_Problem details_
Keep every word of the listing and reproduce it exactly, but set aside any image found there.

_Records supplied_

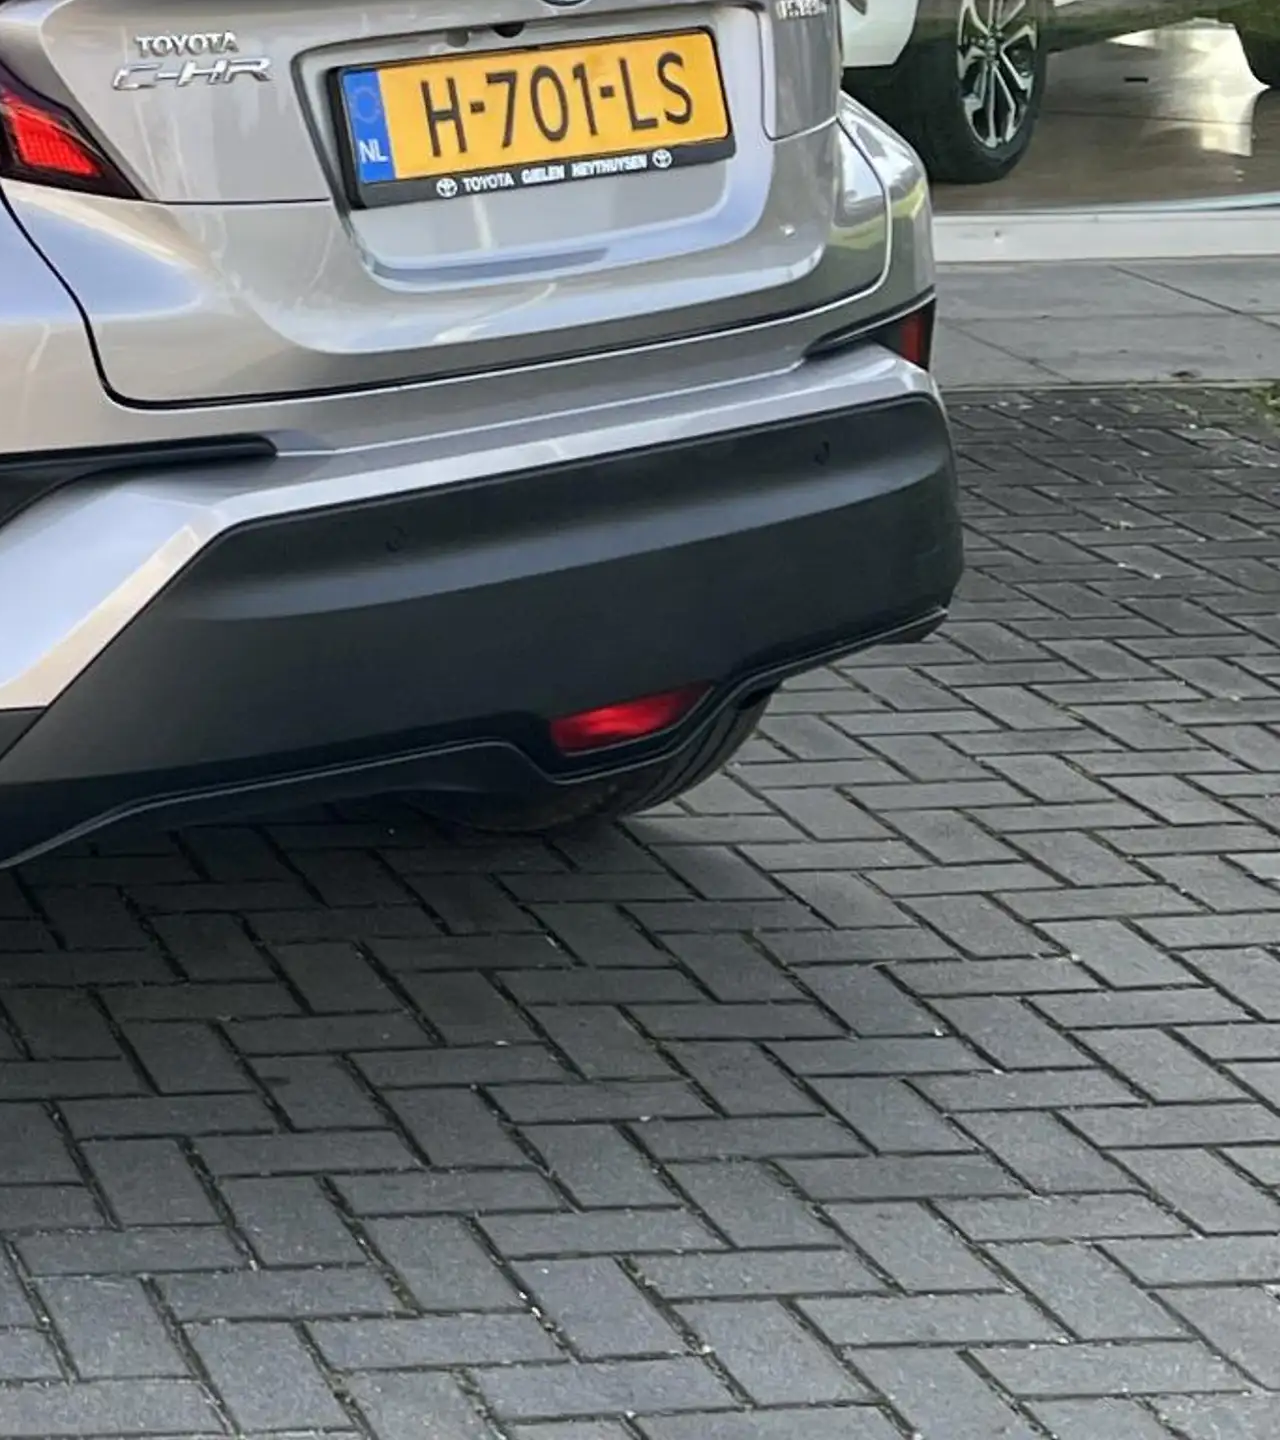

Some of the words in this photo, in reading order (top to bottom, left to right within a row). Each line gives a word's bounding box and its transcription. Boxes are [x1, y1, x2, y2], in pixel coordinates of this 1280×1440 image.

[134, 31, 240, 58] TOYOTA
[111, 58, 272, 91] C-HR
[420, 51, 694, 158] H-701-LS
[359, 139, 389, 164] NL
[462, 171, 514, 193] TOYOTA
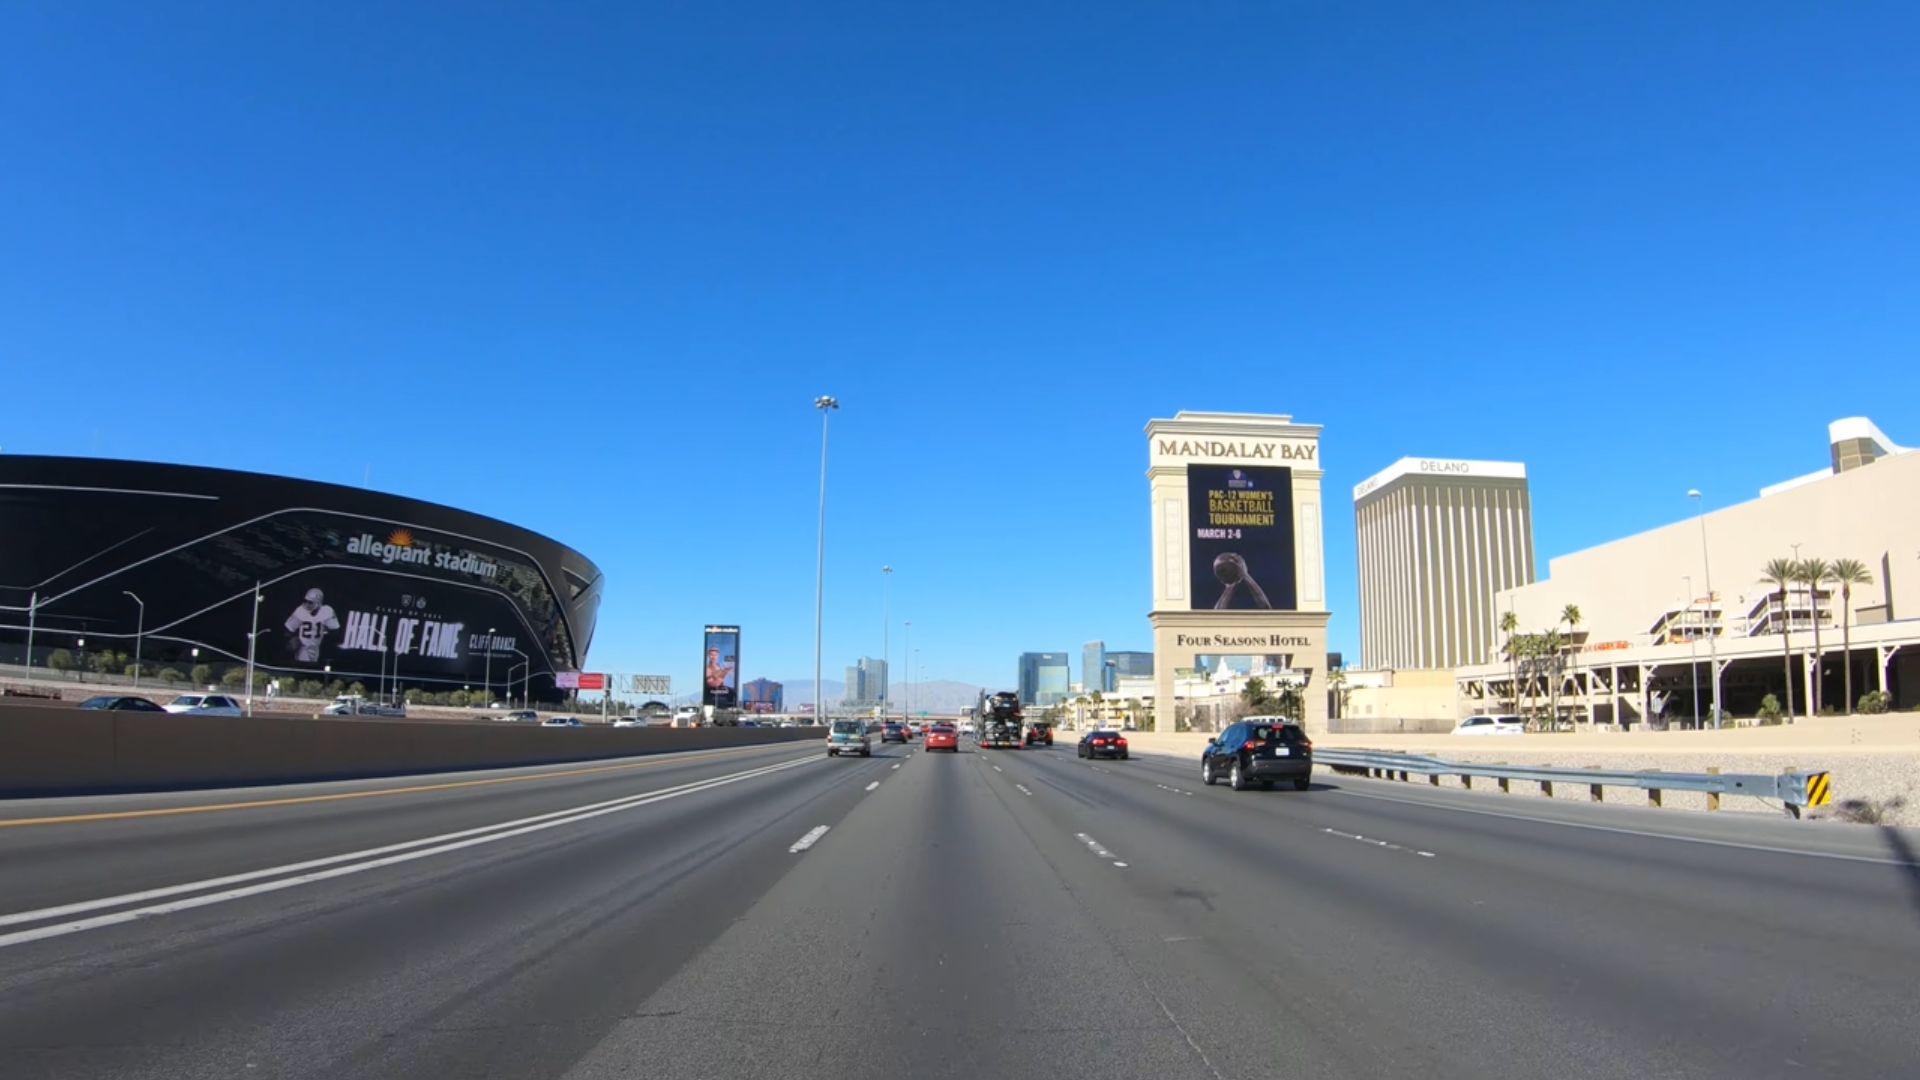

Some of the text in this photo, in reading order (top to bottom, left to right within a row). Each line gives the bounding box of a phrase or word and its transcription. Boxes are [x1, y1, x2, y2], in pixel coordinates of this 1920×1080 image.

_Your response_
Some of the words in this photo, in reading order (top to bottom, left to right within a row). Each line gives a word's bounding box and its transcription. Boxes are [x1, y1, x2, y2], in pixel coordinates of this 1280×1440 image.

[134, 31, 240, 58] TOYOTA
[111, 58, 272, 91] C-HR
[420, 51, 694, 158] H-701-LS
[359, 139, 389, 164] NL
[462, 171, 514, 193] TOYOTA

Some of the text in this photo, in reading order (top to bottom, left to right within a row). Each line gives the bounding box of a phrase or word and its transcription. Boxes are [x1, y1, x2, y2], in pixel coordinates of this 1920×1080 image.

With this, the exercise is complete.